Aber nun gut, wie gesagt, das könnte man ja verzeihen. Leider macht das Drehbuch nun aber gar nichts aus diesen Prämissen. Wirklich viel passieren tut nicht: Der König muss gerettet werden und die Gruppe Edward muss halt irgendwie gegen den fiesen Glatzkopf Kolonel Judd vorgehen. Innerhalb von 80 Minuten gibt’s ein bisschen Hin- und Her, eine kleine, völlig unmotivierte Romanze und irgendwie... ja, ich kann’s gar nicht zusammenfassen. Ein paar Scharmützel, ein paar Duelle, irgendwie nicht mehr. Colonnel Judd will „The Scarlet Blade“ finden, aber viel tut er nicht, ja im Grunde tut hier kaum jemand irgendwas wirklich Bedeutsames. Den König sieht man nur kurz zu Anfang, große Schlachten gibt’s ja eh nicht (wir sind ja immer noch bei Hammer, mit Verlaub). Leider kommt niemals die Stimmung auf, es geht um etwas „Bedeutsames“: Dazu sind die Charaktere zu langweilig und alles wirkt auch „weit entfernt“, eben weil man von dieser Welt, dem England des 17. Jahrhunderts, kaum etwas sieht. 80 Minuten vergehen einfach damit, dass Leute in Häusern rumstehen und irgendwie bedeutungsschwanger reden, ein paar Mal wird gekämpft, ohne das etwas dabei herauskommt, und es wird ein bisschen integriert und verraten. Ohne Konsequenten, irgendwie. Lediglich das Ende ist etwas "untypisch", denn es ist keines von der "es ist wieder alles Sonnenschein"-Sorte.
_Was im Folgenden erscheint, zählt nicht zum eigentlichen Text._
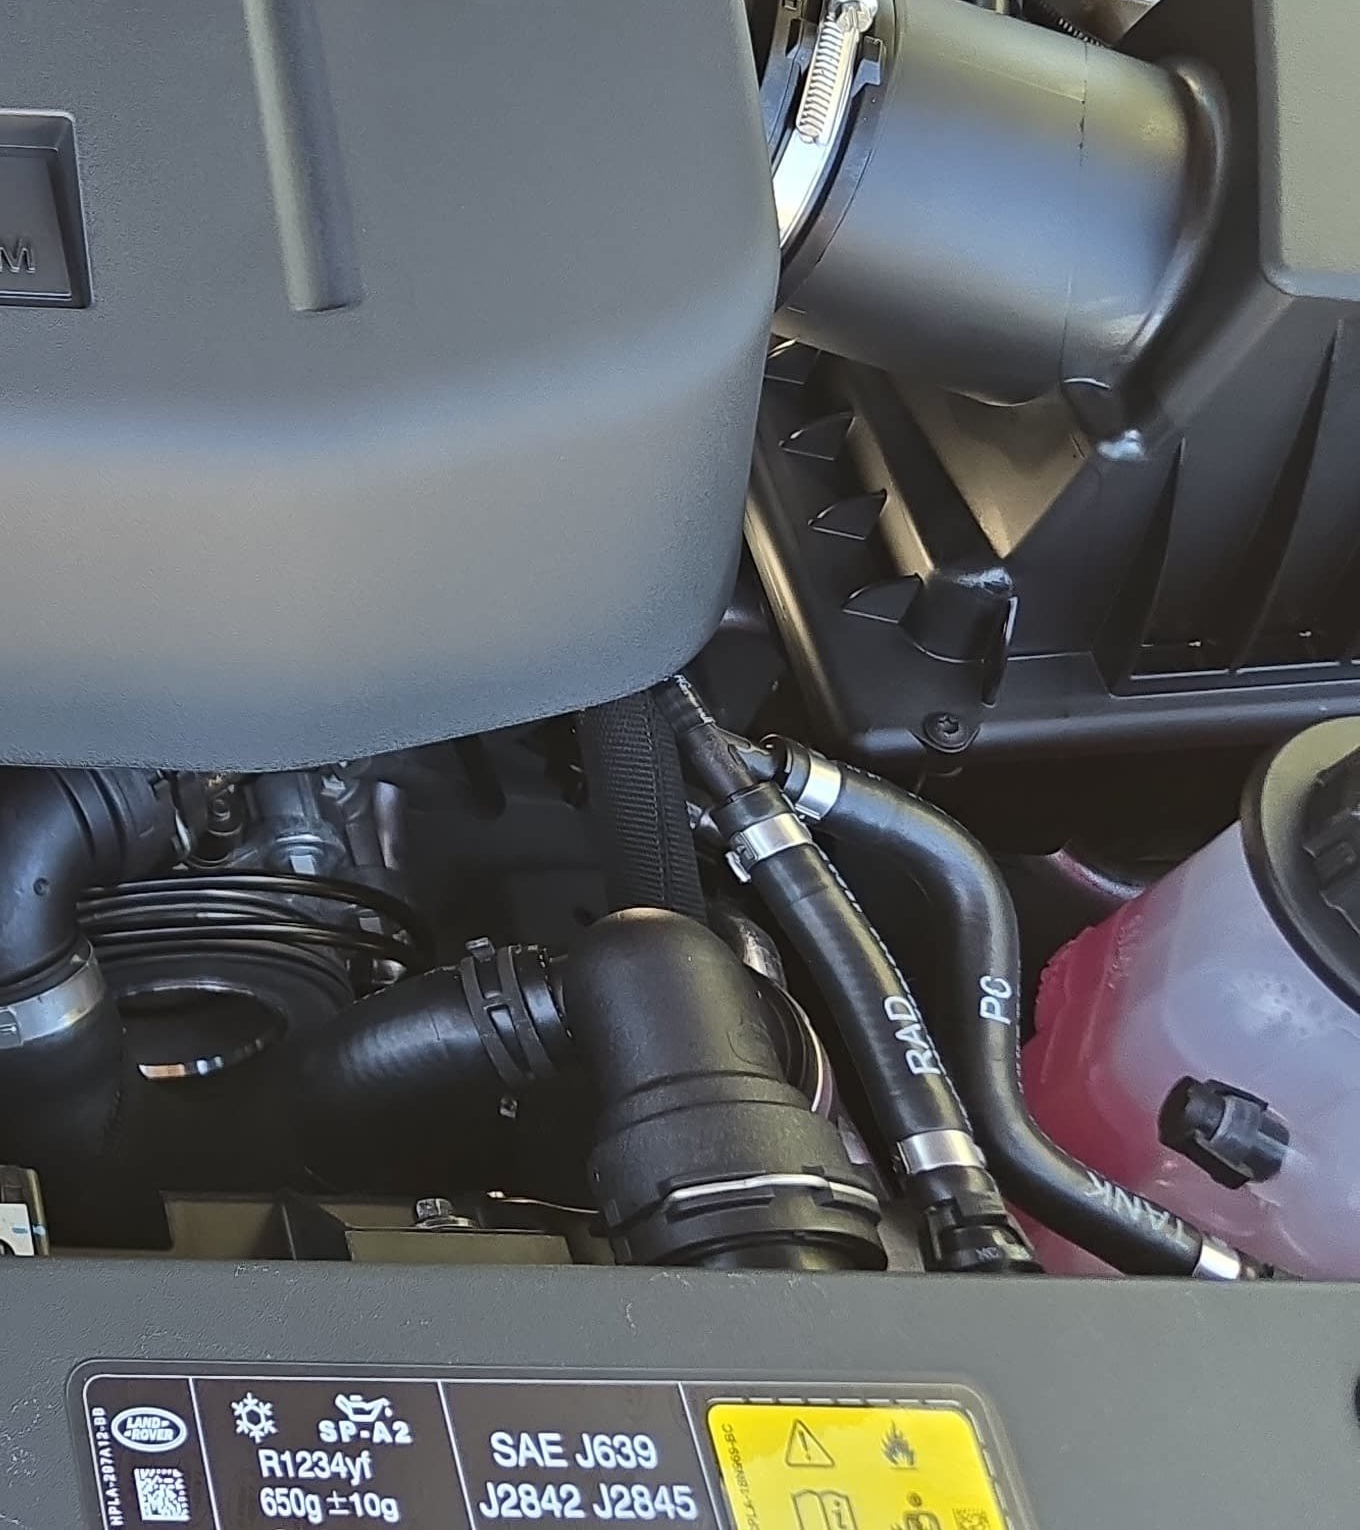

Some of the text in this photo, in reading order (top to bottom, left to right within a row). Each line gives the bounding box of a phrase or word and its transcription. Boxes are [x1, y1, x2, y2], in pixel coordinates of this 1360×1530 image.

Und dass das Ganze wirklich langweilig aussieht, hilft freilich nicht. Bei Hammer habe ich die Sets bisher immer gelobt, hier aber kann ich’s leider nicht tun. Die Kulissen beschränken sich auf ein paar Häuser, und aufgrund der Epoche dürfen diese natürlich nicht im hübschen Gothic-Stil designt sein. Stattdessen sind es eher triste Gutsherren-Häuser ohne Wiedererkennungswert oder eine langweilige Schenke. Für die Augen ist der Film nichts, und bei Hammer will das was heißen. Und die Regie tut da auch nicht viel mehr. John Gilling war für dieses Projekt in zweierlei Position verantwortlich. Zum Drehbuch habe ich oben schon etwas geschrieben, es ist wirklich ohne Drive oder jedweden Tiefgang. Und optisch bietet der Film auch wenig, wo Gilling anknüpfen könnte. Die Sets im Inneren sind langweilig und die englischen Wälder im Herbst sehen ausgesprochen kahl und trostlos aus. Gilling gehört sicherlich nicht zu Hammers besten Regisseuren, aber Nächte des Grauens und Das schwarze Reptil sind natürlich gute Beiträge im Opus von Hammer, keine Frage. Und auch Der Fluch der Mumie fand ich nicht schlecht, ja sogar Mother Riley Meets the Vampire, sein Regie-Debüt im „Horror“-Fach, fand ich ganz gut – ok, das lag aber zu 99% auch an Lugosi. Aber hier filmt er das ohne Ideen, ohne Tempo ab und steuert der inhaltlichen Leere nicht entgegen.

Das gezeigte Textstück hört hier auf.